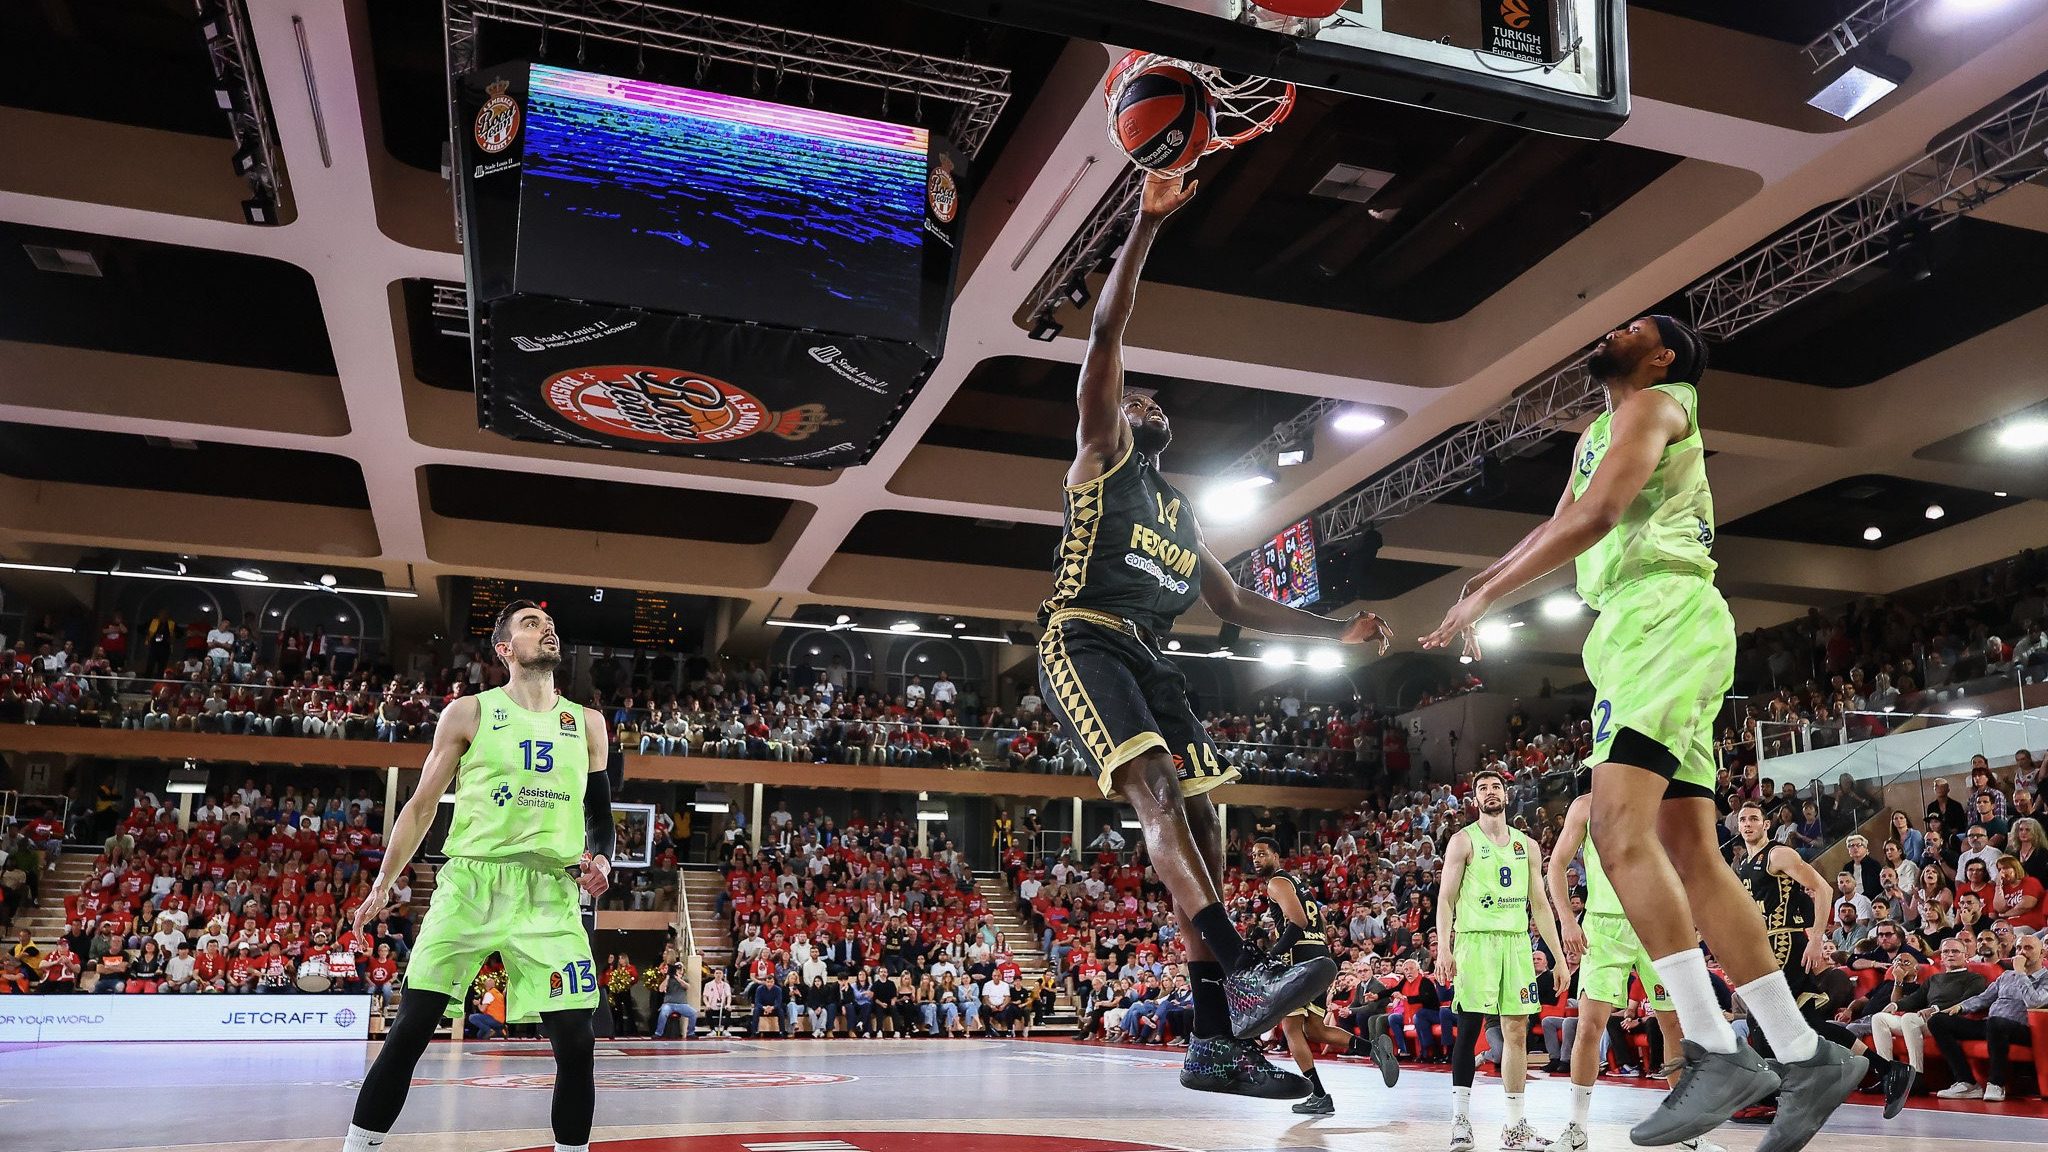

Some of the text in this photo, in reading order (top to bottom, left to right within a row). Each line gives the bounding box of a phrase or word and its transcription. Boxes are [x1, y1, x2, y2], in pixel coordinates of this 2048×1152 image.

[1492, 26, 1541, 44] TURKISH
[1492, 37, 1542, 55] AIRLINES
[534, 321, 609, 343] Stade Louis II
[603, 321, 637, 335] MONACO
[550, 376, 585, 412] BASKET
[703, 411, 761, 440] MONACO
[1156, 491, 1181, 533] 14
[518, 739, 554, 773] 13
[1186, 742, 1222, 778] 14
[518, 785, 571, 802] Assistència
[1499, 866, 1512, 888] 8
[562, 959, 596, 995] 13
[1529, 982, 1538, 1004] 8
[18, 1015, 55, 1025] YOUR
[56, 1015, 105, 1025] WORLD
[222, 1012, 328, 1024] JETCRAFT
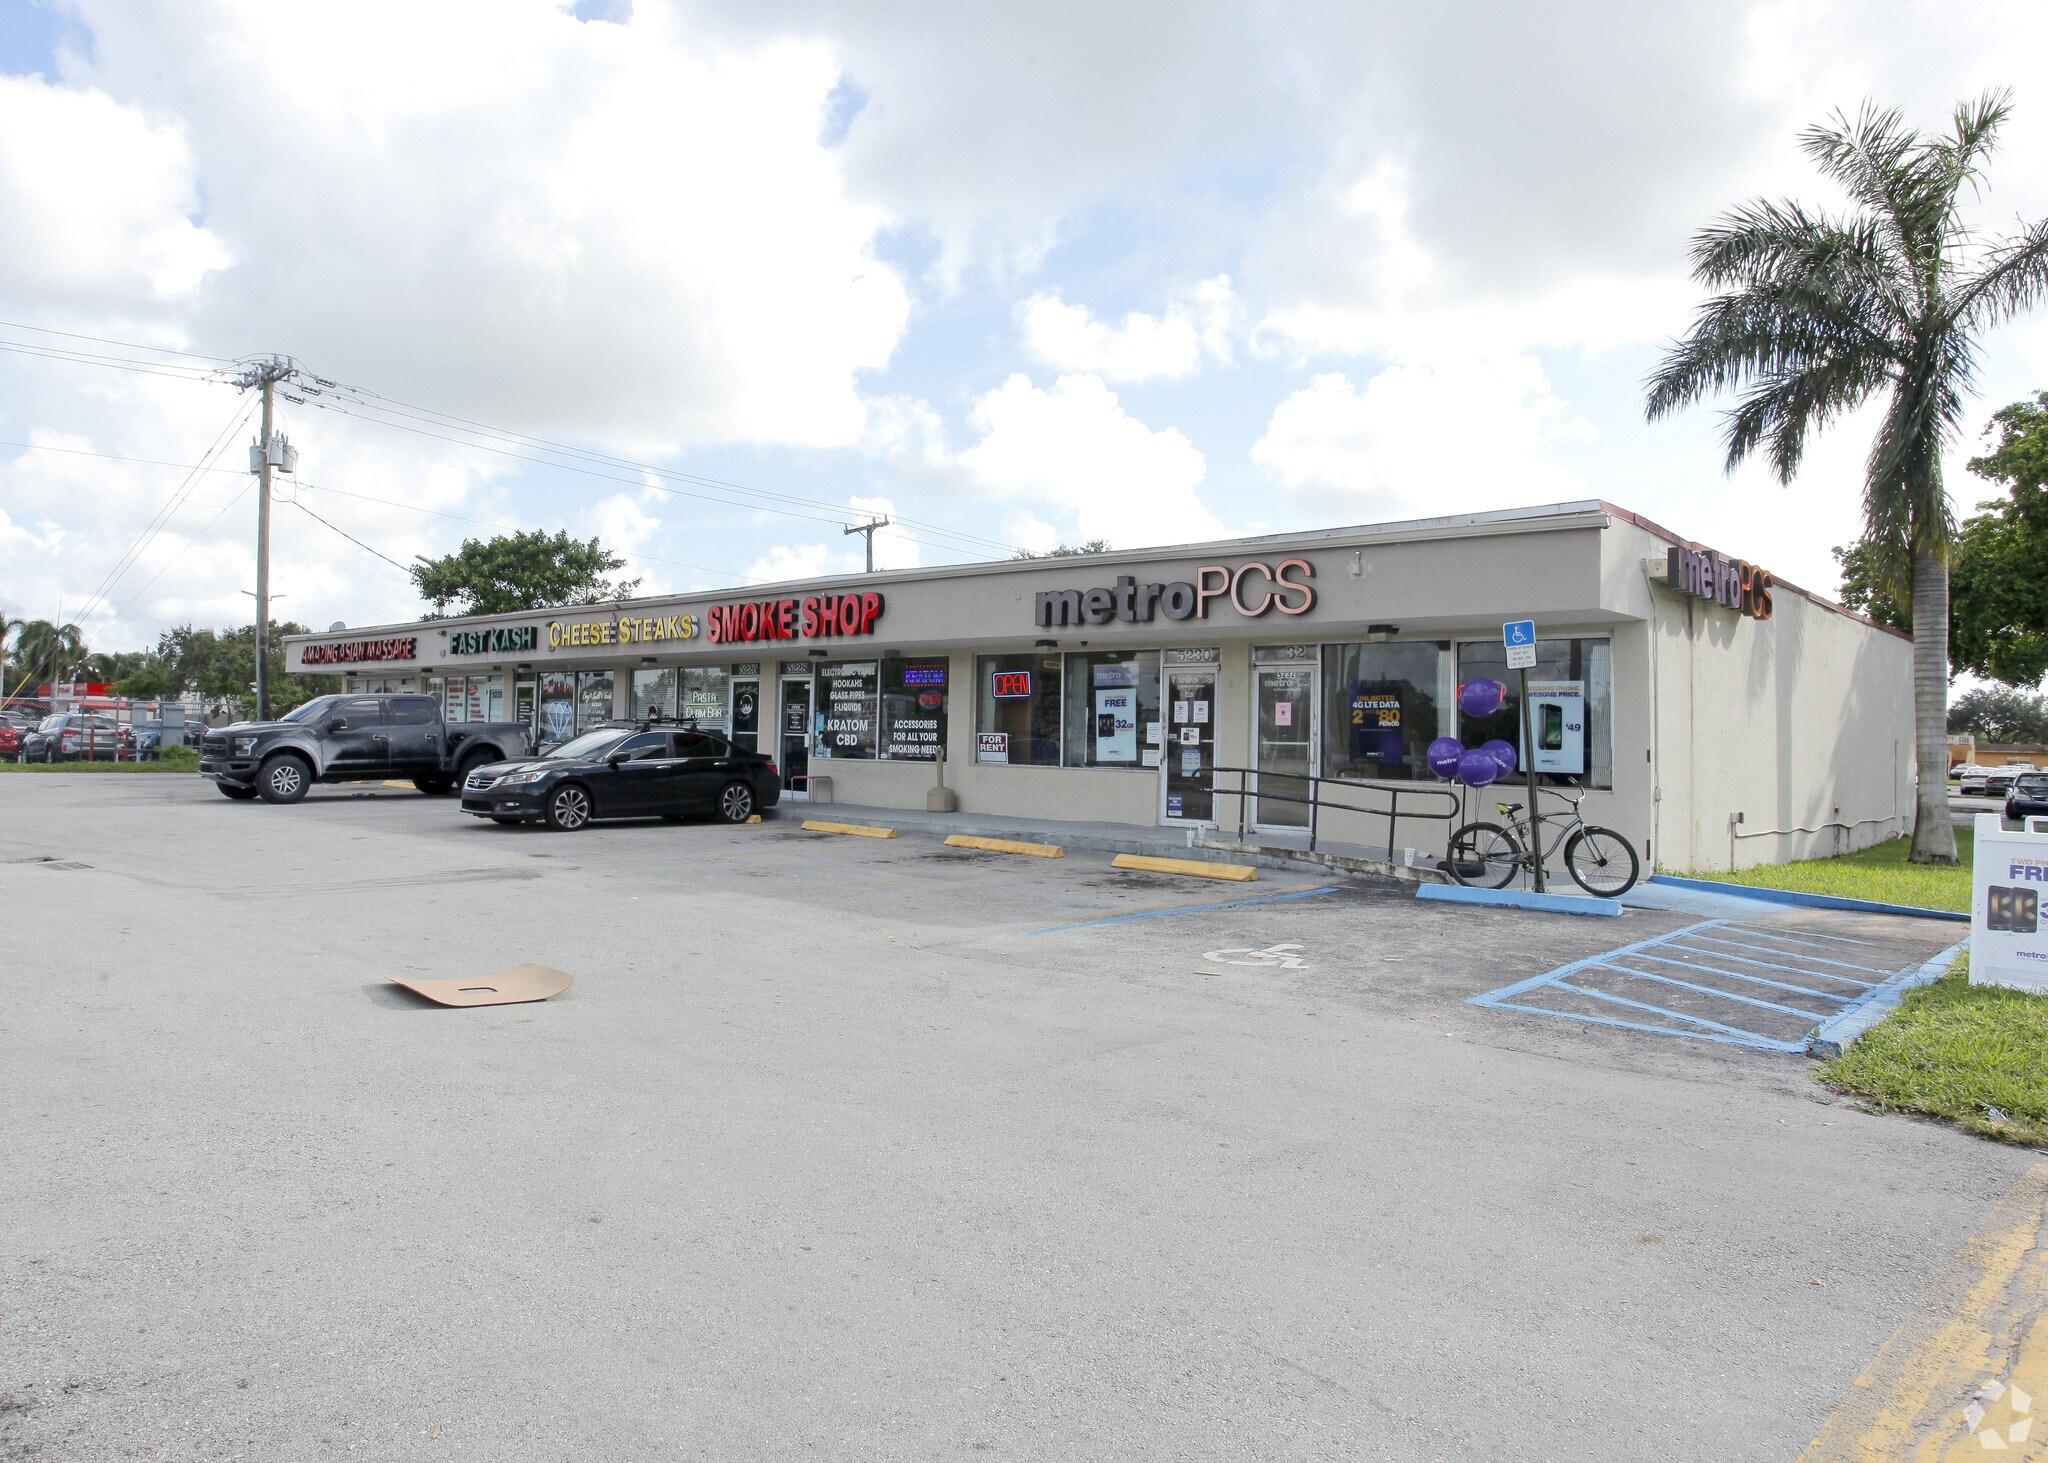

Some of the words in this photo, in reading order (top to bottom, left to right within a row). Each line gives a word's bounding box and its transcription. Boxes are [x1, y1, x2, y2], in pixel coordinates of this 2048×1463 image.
======
What the exercise asks: Transcribe all lines above exactly, skipping pictures.

Completed exercise:
Some of the text in this photo, in reading order (top to bottom, left to right within a row). Each line gives the bounding box of a phrase or word and its transcription. Boxes are [x1, y1, x2, y2], in pixel coordinates of this 2048×1152 image.

[1492, 26, 1541, 44] TURKISH
[1492, 37, 1542, 55] AIRLINES
[534, 321, 609, 343] Stade Louis II
[603, 321, 637, 335] MONACO
[550, 376, 585, 412] BASKET
[703, 411, 761, 440] MONACO
[1156, 491, 1181, 533] 14
[518, 739, 554, 773] 13
[1186, 742, 1222, 778] 14
[518, 785, 571, 802] Assistència
[1499, 866, 1512, 888] 8
[562, 959, 596, 995] 13
[1529, 982, 1538, 1004] 8
[18, 1015, 55, 1025] YOUR
[56, 1015, 105, 1025] WORLD
[222, 1012, 328, 1024] JETCRAFT

Some of the words in this photo, in reading order (top to bottom, left to right within a row). Each line gives a word's bounding box and its transcription. Boxes are [x1, y1, x2, y2], in pixel coordinates of this 2048×1463 image.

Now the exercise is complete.